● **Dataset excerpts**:
►

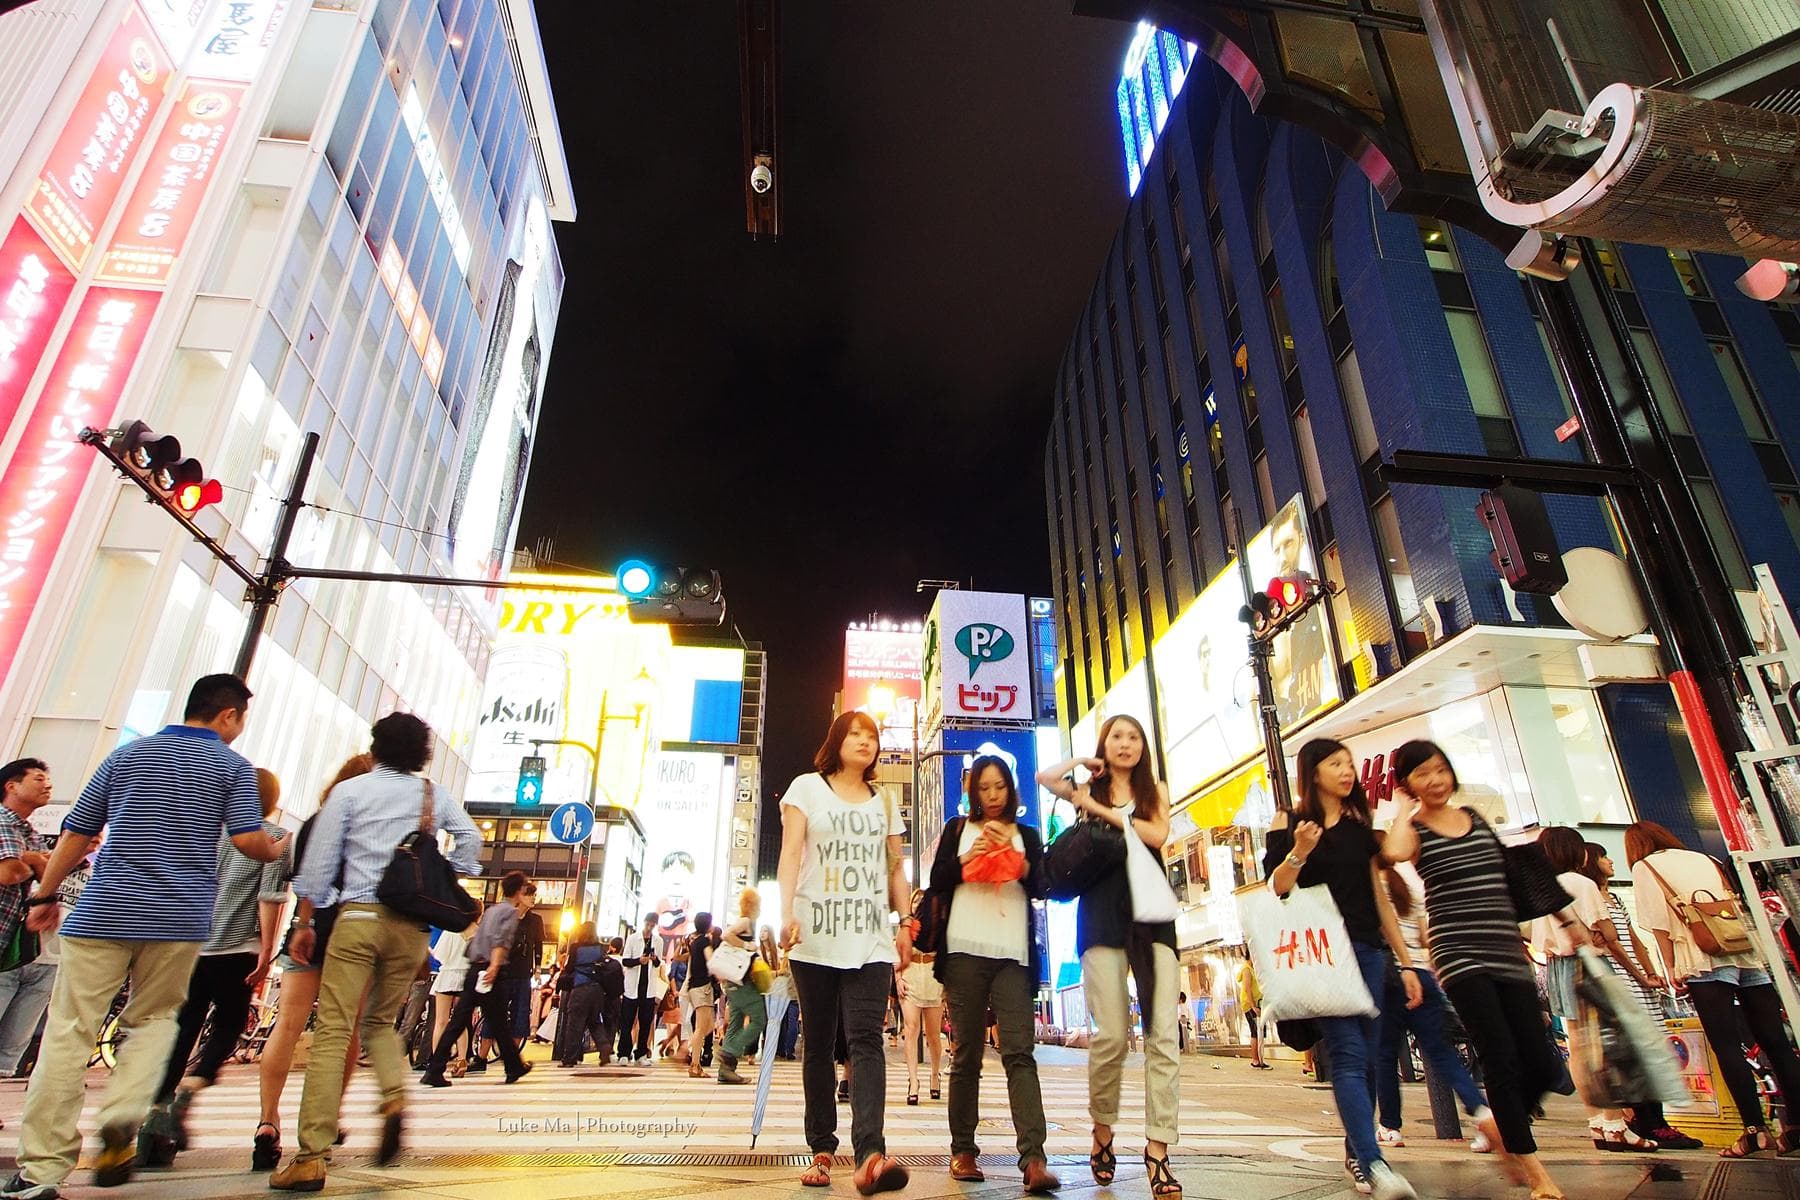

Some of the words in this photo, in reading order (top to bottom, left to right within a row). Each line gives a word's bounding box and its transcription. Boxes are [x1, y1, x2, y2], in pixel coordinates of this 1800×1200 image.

[480, 695, 556, 726] Asahi
[958, 683, 1018, 713] ピップ
[502, 730, 525, 745] 生
[1272, 928, 1335, 969] H&M
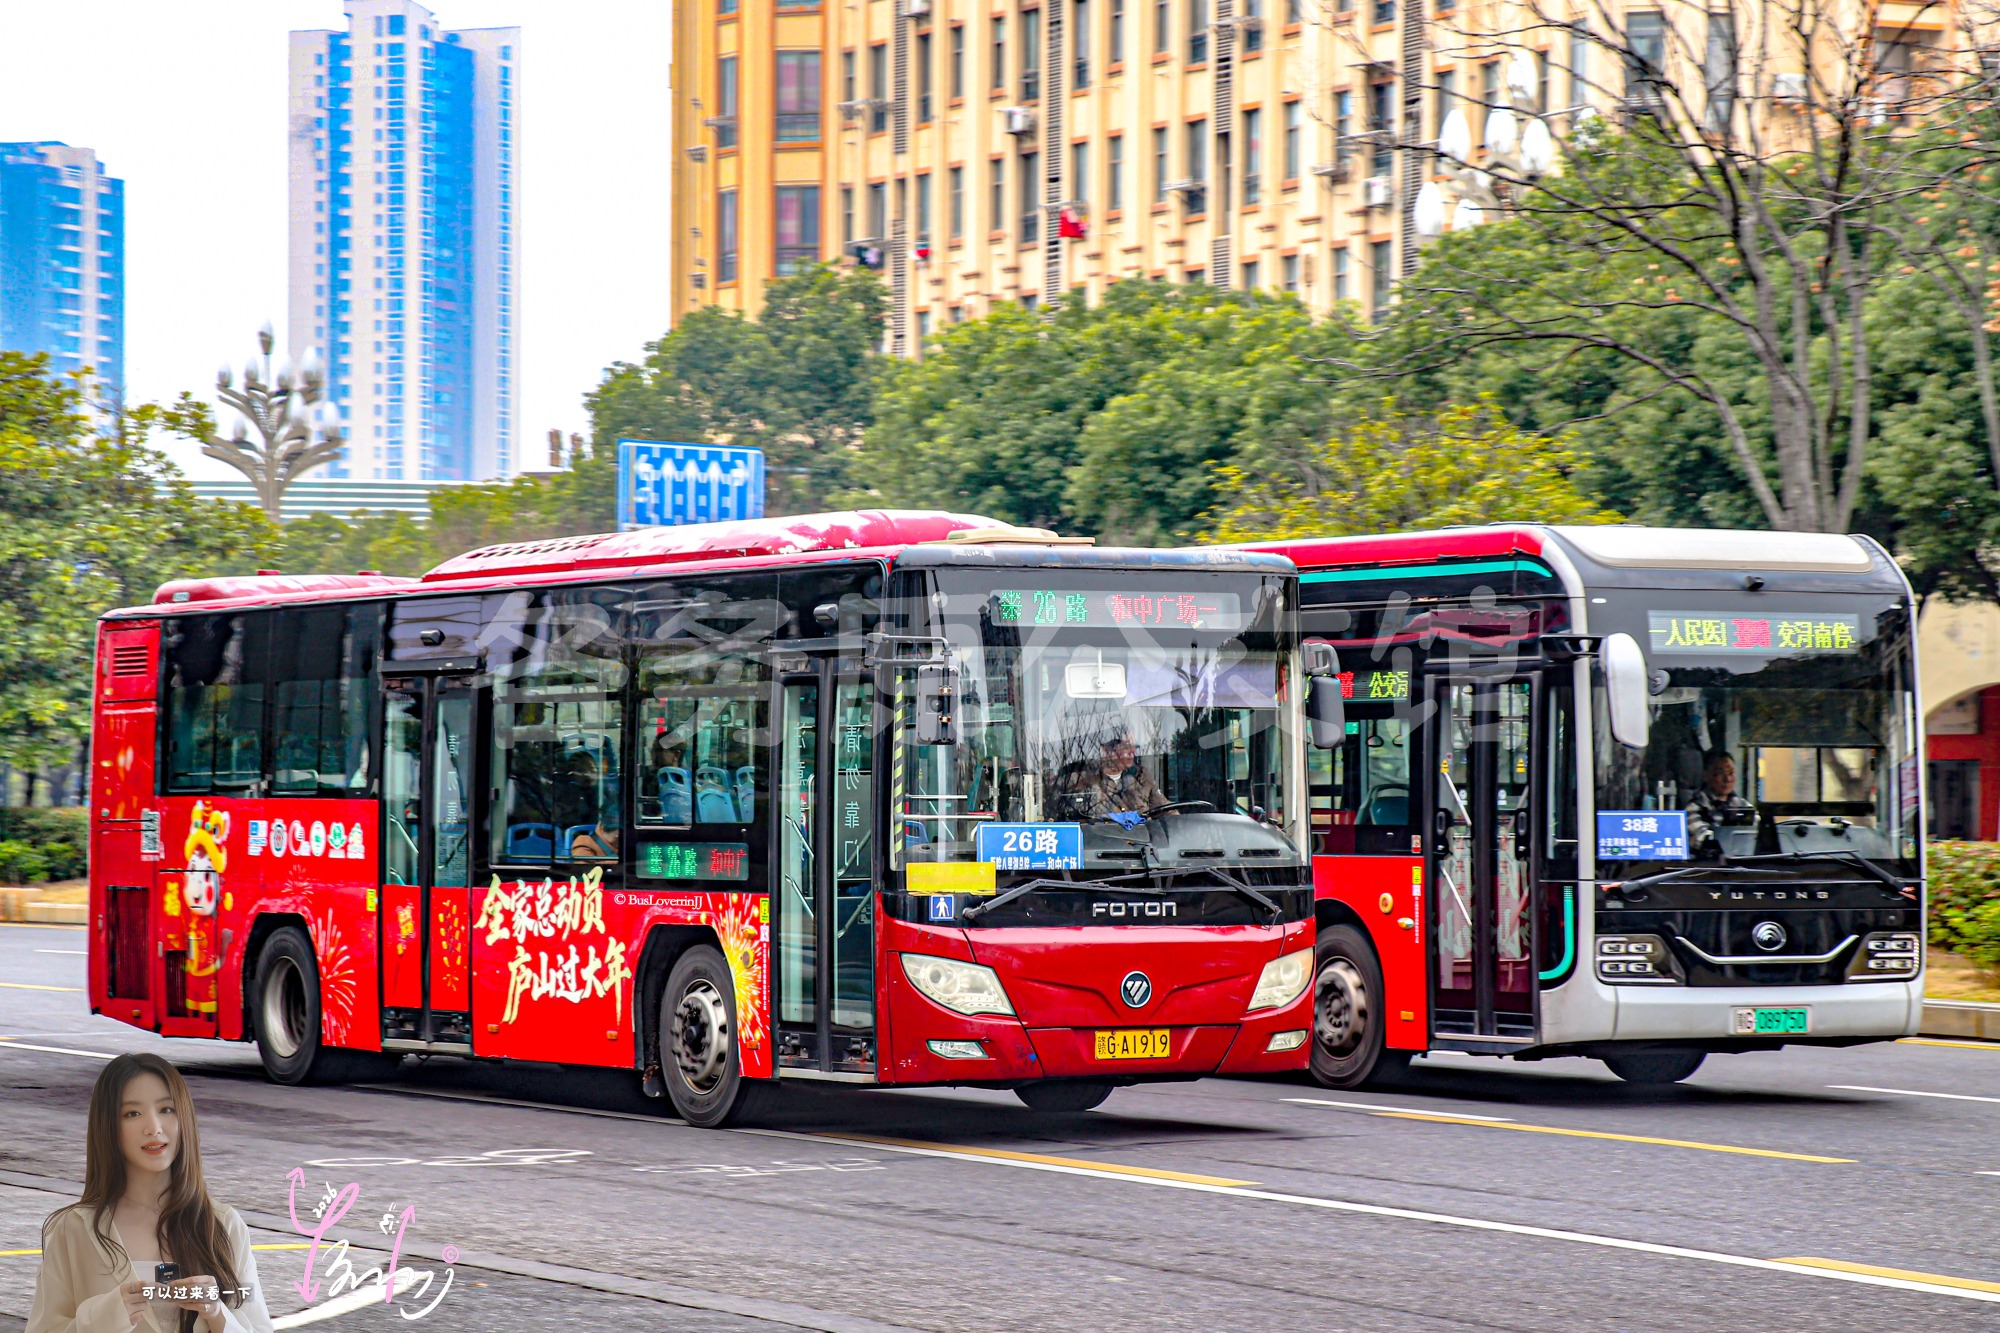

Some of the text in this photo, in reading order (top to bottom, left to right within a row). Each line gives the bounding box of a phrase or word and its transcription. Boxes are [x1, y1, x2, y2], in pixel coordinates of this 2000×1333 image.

[1622, 816, 1659, 833] 38路
[1003, 828, 1058, 855] 26路
[473, 865, 606, 947] 全家总动员
[1709, 891, 1829, 899] YUTONG
[1092, 902, 1177, 917] FOTON
[500, 936, 632, 1030] 庐山过大年

◄

Omit the pictures and set down the records exactly.

● **Task answer**:
Some of the words in this photo, in reading order (top to bottom, left to right within a row). Each line gives a word's bounding box and its transcription. Boxes are [x1, y1, x2, y2], in pixel coordinates of this 1800×1200 image.

[480, 695, 556, 726] Asahi
[958, 683, 1018, 713] ピップ
[502, 730, 525, 745] 生
[1272, 928, 1335, 969] H&M

Some of the text in this photo, in reading order (top to bottom, left to right within a row). Each line gives the bounding box of a phrase or word and its transcription. Boxes are [x1, y1, x2, y2], in pixel coordinates of this 2000×1333 image.

[1622, 816, 1659, 833] 38路
[1003, 828, 1058, 855] 26路
[473, 865, 606, 947] 全家总动员
[1709, 891, 1829, 899] YUTONG
[1092, 902, 1177, 917] FOTON
[500, 936, 632, 1030] 庐山过大年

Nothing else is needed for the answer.